THE Derwent Valley Concert Band has just the thing for anyone looking for something different on Father’s Day this Sunday – a performance in the Farrall Centre at the Friends’ School in North Hobart.
Dubbed “the Derwent Valley Concert Band with Loose Canon and Friends” the concert starts at 2.30pm and will see the band join forces with one of Hobart’s leading vocal ensembles under the direction of TSO chorus master, June Tyzack. Together they will present a program of music both theatrical and dramatic from some of the great American composers, past and present. Entry will be by donation.
On the program:
George Gershwin’s Cuban Overture – a late work not often performed these days but one that is exciting, full of life and latin rhythms. With this piece, Gershwin introduced concert audiences to the latin rhythm section instruments: claves, maraccas, the guiro and bongos, giving them solo status by placing them at the front of the orchestra at the premiere performance. Highlights from the opera Porgy and Bess will include well-known and much-loved songs such as I Got Plenty o’ Nuttin, Summertime, It Ain’t Necessarily So, and Bess, You is My Woman Now.

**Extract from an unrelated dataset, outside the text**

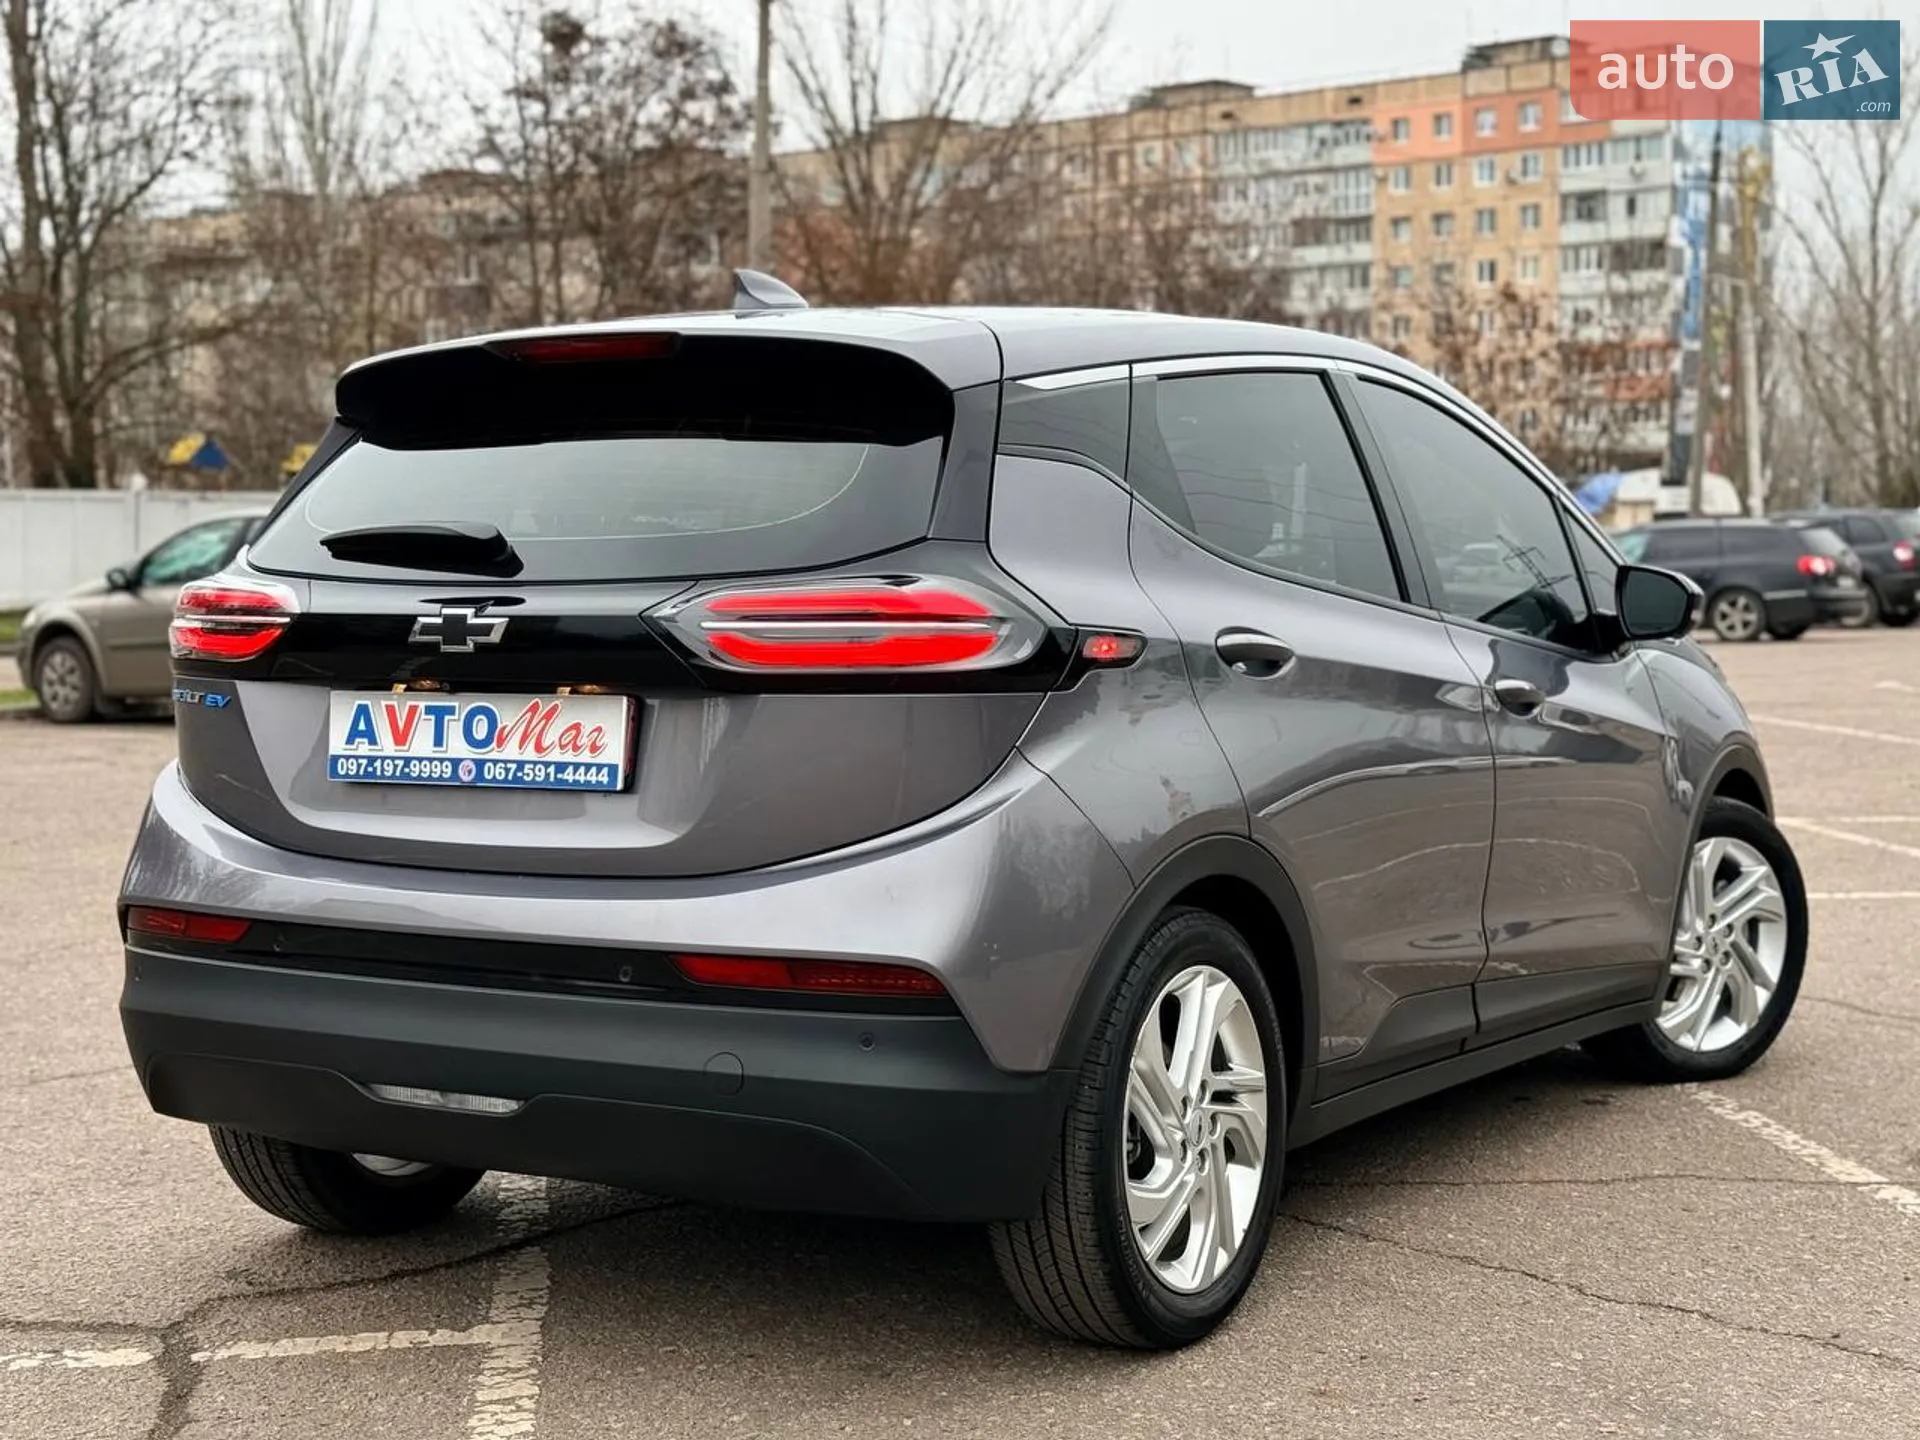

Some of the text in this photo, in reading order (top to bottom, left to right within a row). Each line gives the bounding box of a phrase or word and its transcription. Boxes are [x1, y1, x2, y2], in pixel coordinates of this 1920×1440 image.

[205, 694, 232, 707] EV
[337, 758, 609, 785] 097-197-9999 067-591-4444

Leonard Bernstein’s operetta Candide, an adaptation of Voltaire’s satirical novella about a young man’s journey through all the lessons of life, opens with a sparkling, witty, ebullient Overture, heard here in a superb transcription for band by Clare Grundman. After many “lessons” – facing the Spanish inquisition, surviving shipwreck, a forced marriage and being sold to slavery – to name but a few, the cast unite on a simple farm, and the work closes with the moving Make Our Garden Grow, a metaphor for the flourishing of humanity.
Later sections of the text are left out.